This idea is a continuum with the quality control of AI-generated code in general, not just security. The way of thinking that bundles types, tests, and security in CI is organized in the design of quality gates for AI-driven development. This article concretizes "the gear of security inspection" of that, with SARIF and GitHub Actions.
The overall map of what to crush with automation and what to protect by design is summarized in the Next.js × Supabase application-security complete guide. This article is the implementation edition of the "permanently station horizontal control / injection-class detection in CI" part mentioned there.
2. What SARIF is — the common language of "inspection results"
When you run security inspection in CI, there's a problem you hit first. It's that the output format differs per tool. One tool is JSON, another is text, another is JUnit XML — with this, you can't display them uniformly in GitHub's UI, and you end up rewriting the integration each time you switch tools.
What works here is SARIF (Static Analysis Results Interchange Format). SARIF is a JSON-based standard format for expressing static-analysis results, standardized by OASIS (OASIS SARIF v2.1.0). Whatever SAST tool, if it spits out the result in SARIF, the receiving side (GitHub, etc.) can handle the contents uniformly.
The minimal structure of SARIF is roughly this.

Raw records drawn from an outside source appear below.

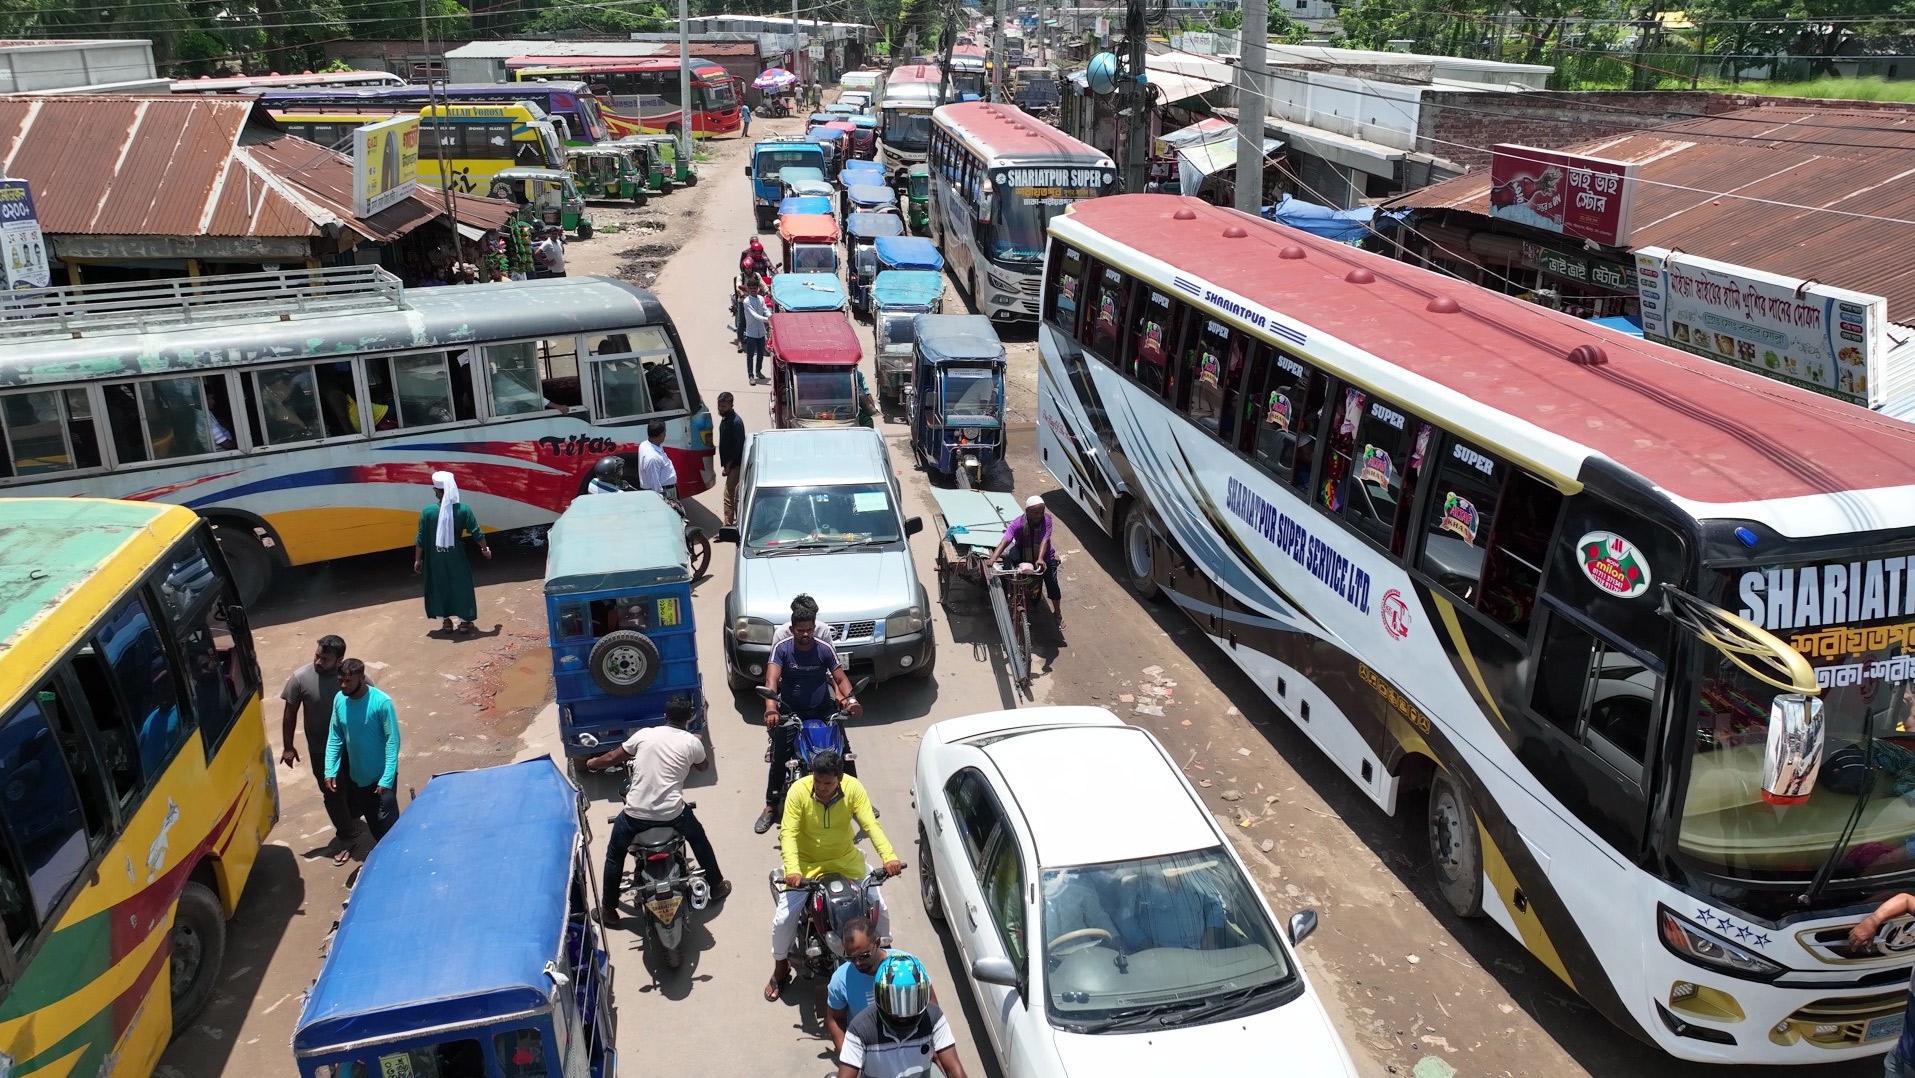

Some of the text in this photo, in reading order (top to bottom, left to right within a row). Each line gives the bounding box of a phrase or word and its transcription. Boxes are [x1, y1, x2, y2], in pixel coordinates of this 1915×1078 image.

[1007, 169, 1101, 187] SHARIATPUR SUPER
[1569, 165, 1620, 195] ভাই ভাই
[1576, 190, 1608, 213] স্টোর
[1549, 257, 1567, 275] ভাই
[1567, 261, 1586, 280] ভাই
[1204, 291, 1266, 328] SHARIATPUR
[1207, 321, 1229, 339] SUPER
[1277, 355, 1304, 377] SUPER
[1371, 403, 1406, 430] SUPER
[539, 433, 617, 457] Titas
[1453, 443, 1494, 476] SUPER
[1226, 476, 1278, 544] SHARIATPUR
[1277, 513, 1307, 566] SUPER
[1306, 534, 1348, 598] SERVICE
[1347, 563, 1371, 616] LTD.
[1596, 561, 1625, 581] milon

// SARIF v2.1.0 の骨格(型のイメージ)。実際のファイルはツールが生成する
type Sarif = {
version: "2.1.0";
runs: Array<{
tool: { driver: { name: string; rules: Array<{ id: string }> } };
results: Array<{
ruleId: string; // どの検査ルールに当たったか
level: "error" | "warning" | "note"; // 深刻度 → CIの赤/黄を決める
message: { text: string }; // 人間が読む説明
locations: Array<{ // どのファイルの何行目か
physicalLocation: {
artifactLocation: { uri: string };
region: { startLine: number };
};
}>;
}>;
}>;
};
There are three points.
ruleId— which inspection it caught on. You can aggregate/suppress per rule on GitHub.level—error/warning/note. This becomes the basis for what to make red in CI and what to keep yellow (warning). The "block only the high-confidence" described later is the design of how to assign this.locations— the file and line number. Because of this, GitHub can put per-line annotations on the PR diff.
In other words, SARIF is "the common language of inspection results." Even if you switch tools, the CI integration stays the same and the display to the UI stays the same. Being able to loosely couple the inspection logic and the display/operation is the biggest advantage of using a standard format.

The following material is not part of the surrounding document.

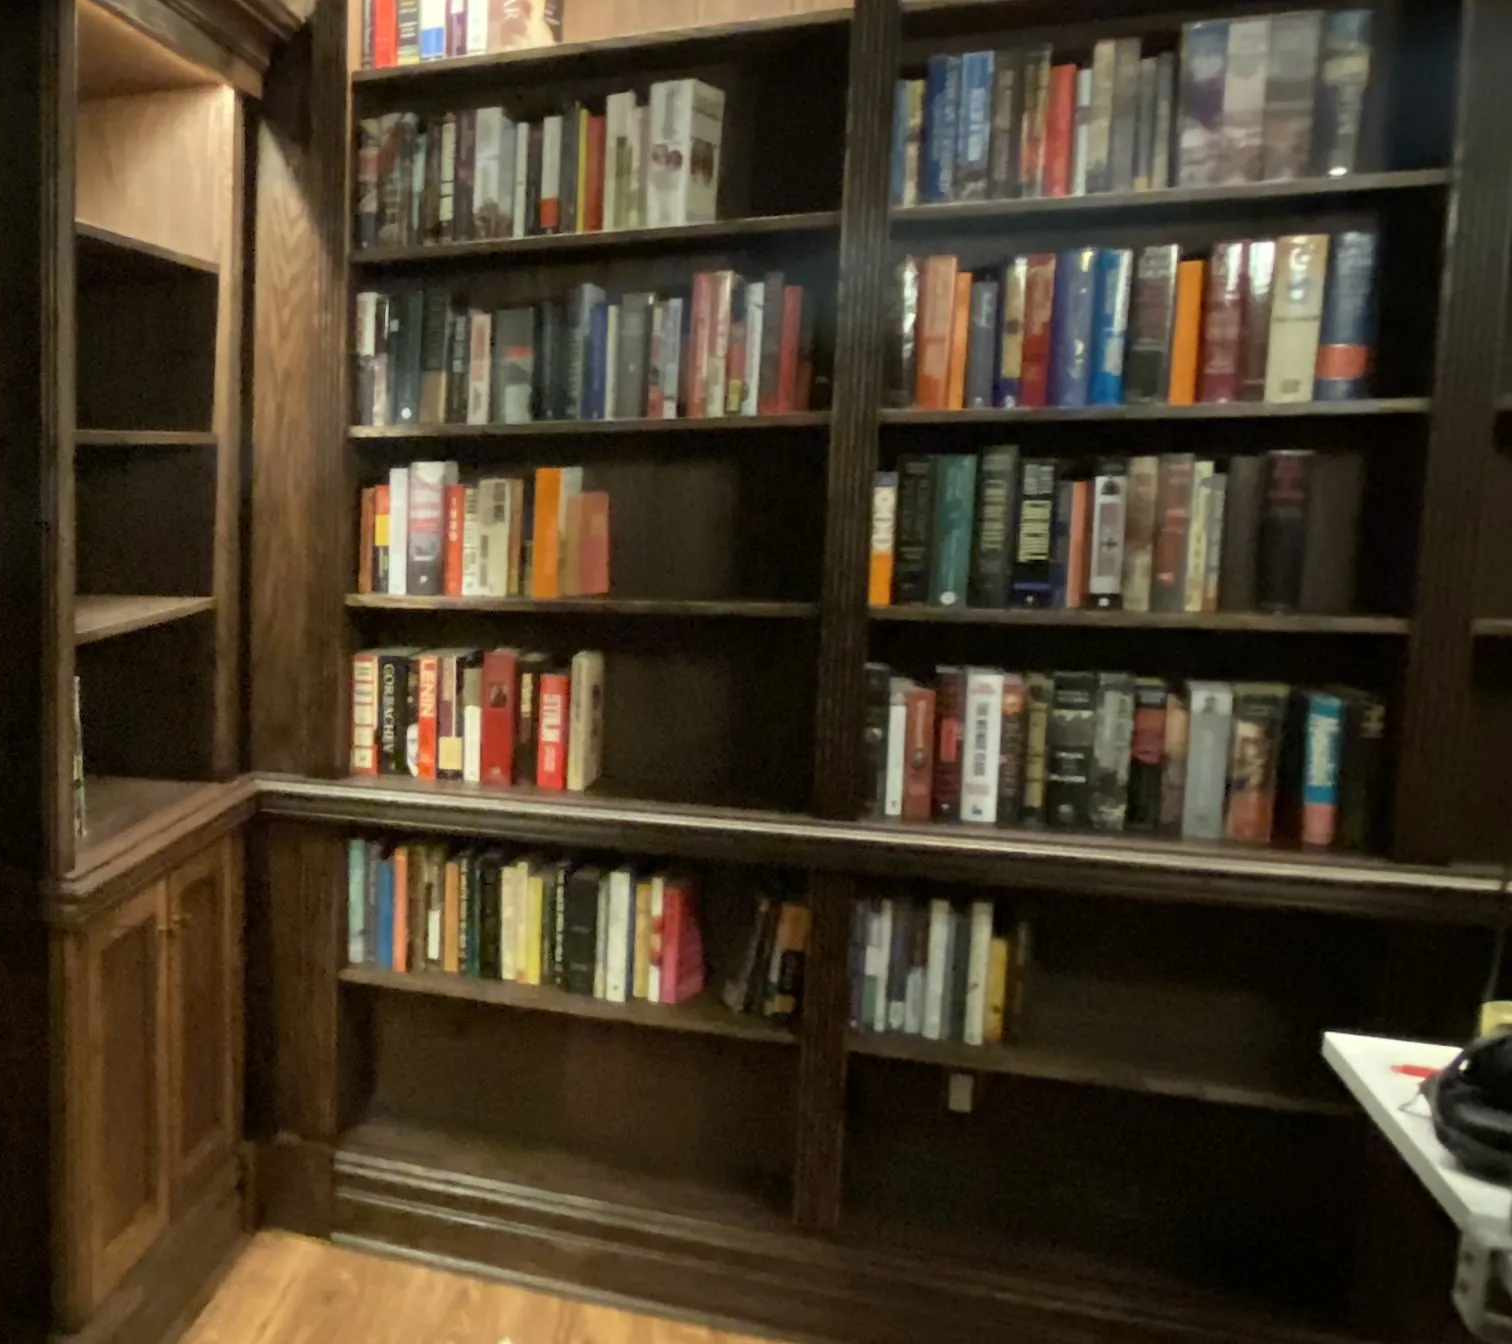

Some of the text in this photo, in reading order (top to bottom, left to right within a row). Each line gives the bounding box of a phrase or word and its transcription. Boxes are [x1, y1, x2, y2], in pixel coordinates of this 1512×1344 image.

3. Putting it on GitHub code scanning — diff annotations and the Security tab
Once you can spit out SARIF, next is feeding it to GitHub. GitHub has a feature called code scanning, and when you upload SARIF, the results appear in two places (GitHub code scanning docs).
- The Security tab — all the repo's alerts are listed and can be managed by rule and by severity. You can "dismiss" a known finding or track recurrence.
- The PR diff (Files changed) — inline annotations are added on the detected lines. A reviewer can see "this change introduced this vulnerability" on the spot, while reading the code.
This experience of "annotations appear on the PR diff" is decisive. The security finding appears not on a separate dashboard or weekly report but right next to the code you're reviewing. You can fix it with the minimal diff while the context to fix is fresh. Code scanning realizes section 1's shift left at the UI level.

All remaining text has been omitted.